There is a world of talking anthropological animals, including a hero called Captain Carrot, and another of the classic DC heroes as re-imagined by Marvel mastermind Stan Lee. Seven of the worlds are deliberately left “unknown.”
“There always has to be a mystery,” says Morrison. “It wouldn’t be much fun if you explained everything.”
Much of the following Morrison’s work enjoys is for his original comics titles, from “The Invisibles” in the 1990s to 2012’s “Happy!” miniseries. But it remains a special thrill and a privilege to work with these characters of DC and Marvel, he says, taking memorable runs with the likes of Batman, Superman and the X-Men.
“They are like handling priceless artifacts,” says Morrison, who explored the superhero cultural phenomenon in a 2011 nonfiction book, “Supergods: What Masked Vigilantes, Miraculous Mutants, and a Sun God from Smallville Can Teach Us About Being Human.”
“I spend a lot of time in superhuman heads. You have to think [like] Batman, and everything should be intricate and creepy and bizarre. It’s quite paranoid. Superman, on the other hand, is this radiant ‘everything is right, and everyone is beautiful, and I’m going to do my best to help.’ That’s how Superman feels. These are pure characters. They’re archetypes.”
Morrison is also not working alone, but building on what came before during about 75 years of joint effort: “You’re participating with everyone who’s added to this.”
Morrison lives with his wife, Kristen, mainly in Scotland, but spends four months of the year in Southern California, visiting with friends, meeting about potential TV or film projects, devoting one weekend to San Diego’s Comic-Con International. He does all his writing in Scotland.
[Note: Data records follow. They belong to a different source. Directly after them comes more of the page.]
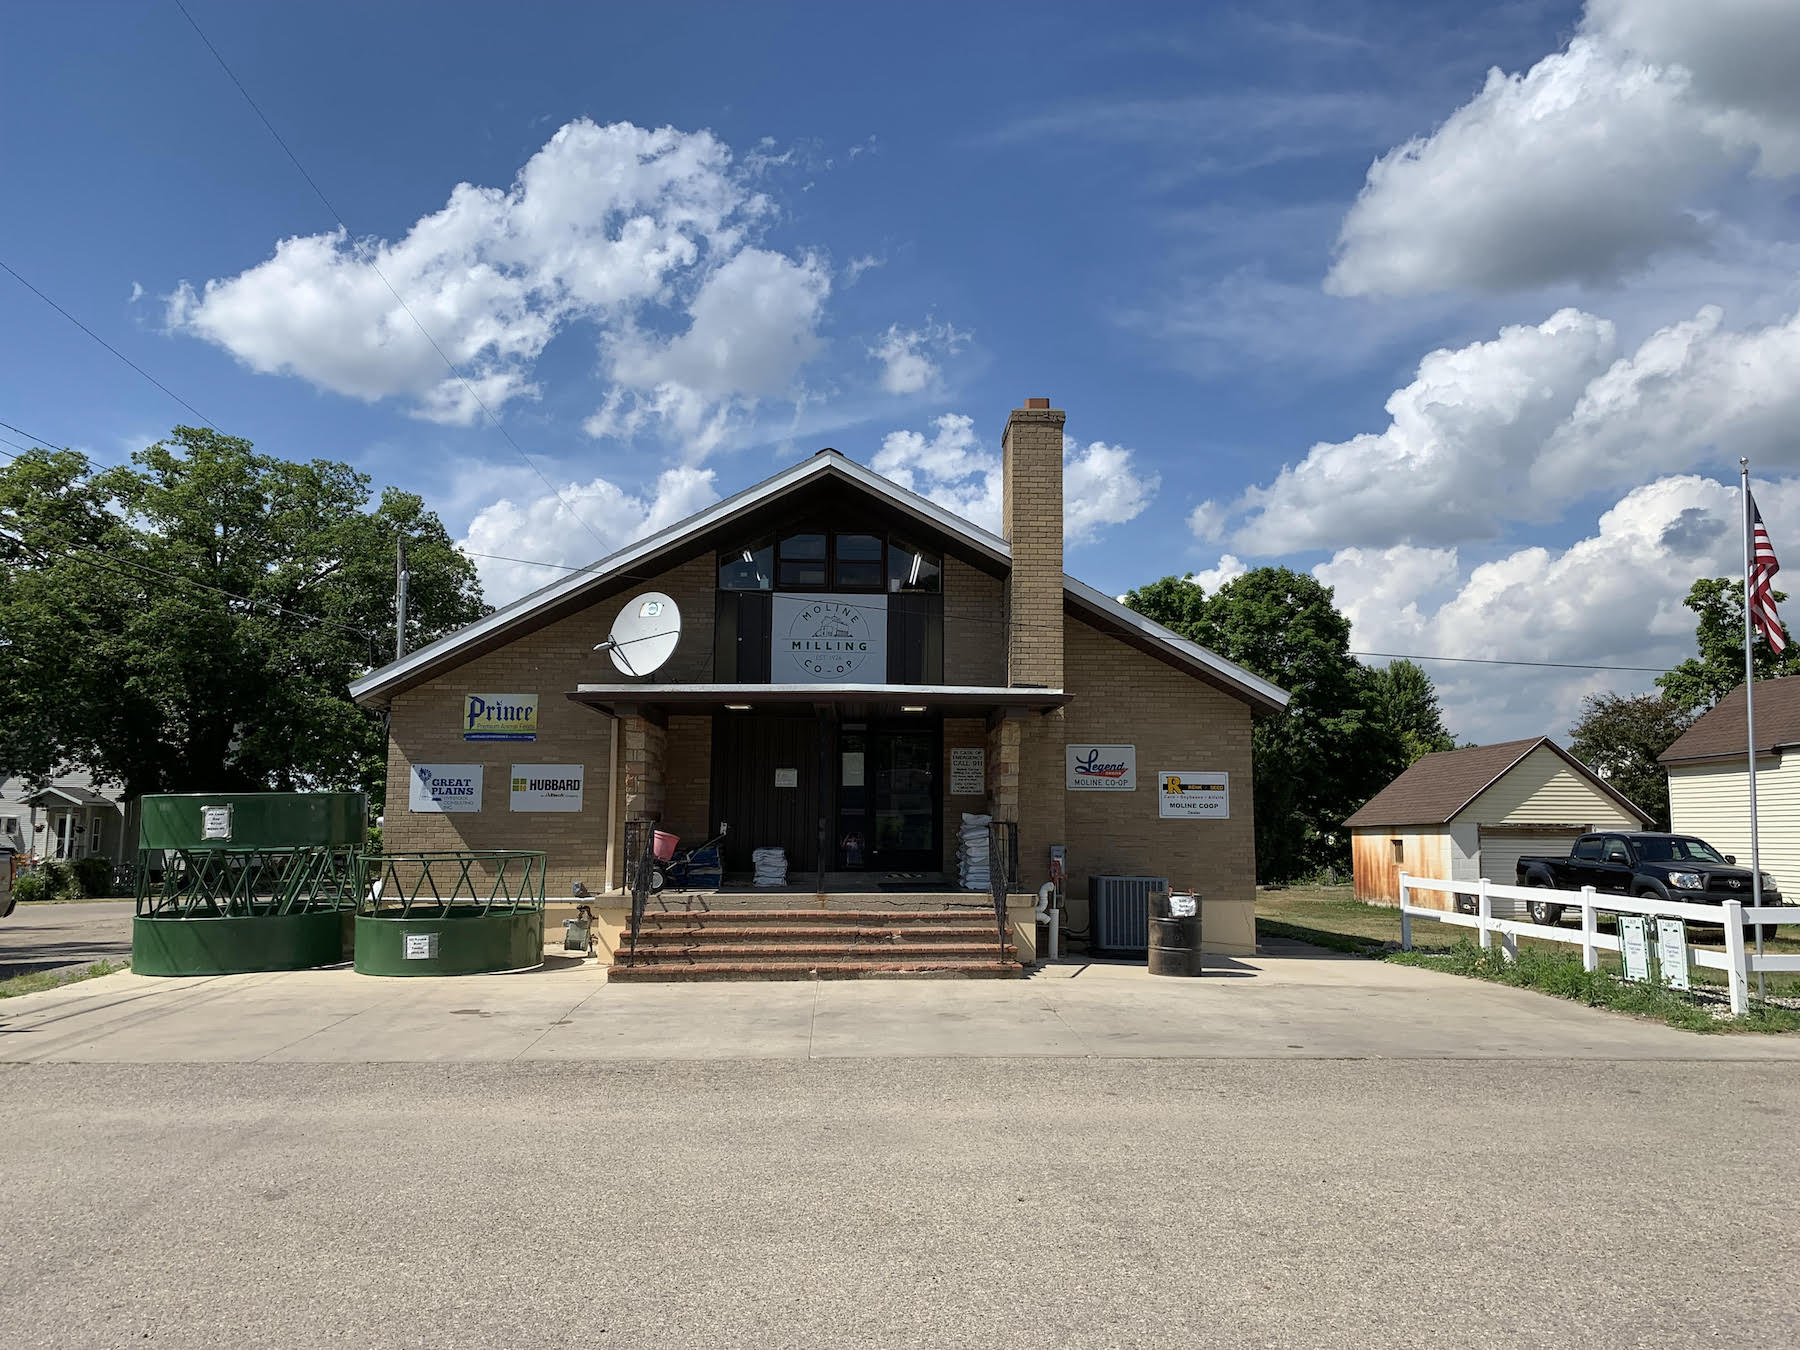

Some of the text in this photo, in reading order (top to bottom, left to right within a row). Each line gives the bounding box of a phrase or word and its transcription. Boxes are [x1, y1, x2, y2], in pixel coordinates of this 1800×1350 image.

[802, 603, 859, 624] MOLINE
[792, 641, 867, 651] MILLING
[467, 695, 533, 730] Prince
[1075, 749, 1125, 774] Legend
[432, 778, 472, 787] GREAT
[529, 779, 580, 791] HUBBARD
[431, 787, 474, 796] PLAINS
“I come out here and everyone is working on stories, doing music, doing theater, painting,” he says. “Everyone’s doing stuff and the energy is quite exciting. Then I go home and work in this town in the country for the next four months — it’s kind of like ‘The Shining.’”
His original dream was to be a traditional writer of books, but comics began to obsess him at 12. “I was an awakening adolescent. OK, I’m suddenly into something – I’m a geek.”
He entered the professional comics world at an exciting time in the mid-1980s, as new ideas were explored and old boundaries pushed in Frank Miller’s grim Batman saga “The Dark Knight Returns” and Alan Moore’s provocative “Watchmen,” among many others. Morrison’s 1989 Batman graphic novel “Arkham Asylum: A Serious House on Serious Earth” was a story immersed in criminal madness amid illustrations of violent splashes of paint (instead of traditionally drawn panels) by Dave McKean.
Some of that energy was coming from a previously unknown crowd of creators in the British Isles, he says.
“There were so many people building up a pressure cooker of creativity. They wanted to get their hands on these characters they had grown up with. It was a floodgate. The talent was there waiting, and it was enough to make it look like a movement.
“There were a lot of outlets and we could express ourselves any way we wanted,” he continues. “It was a time in American comics when the underground was coming back to life. Alan Moore was discovered and suddenly they discovered a whole bunch of us.”
While some of the new work explored possible outcomes if costumed heroes existed in the real world, Morrison had less interest in that line of thinking.
‘To me, that’s the craziest question ever,” he says with a smile. “I’ve always resisted that because I think they couldn’t exist in the real world. And any attempt to be realistic becomes farcical no matter how good it is. That’s always been my position. To me the only reality these things have is on paper or on screen.”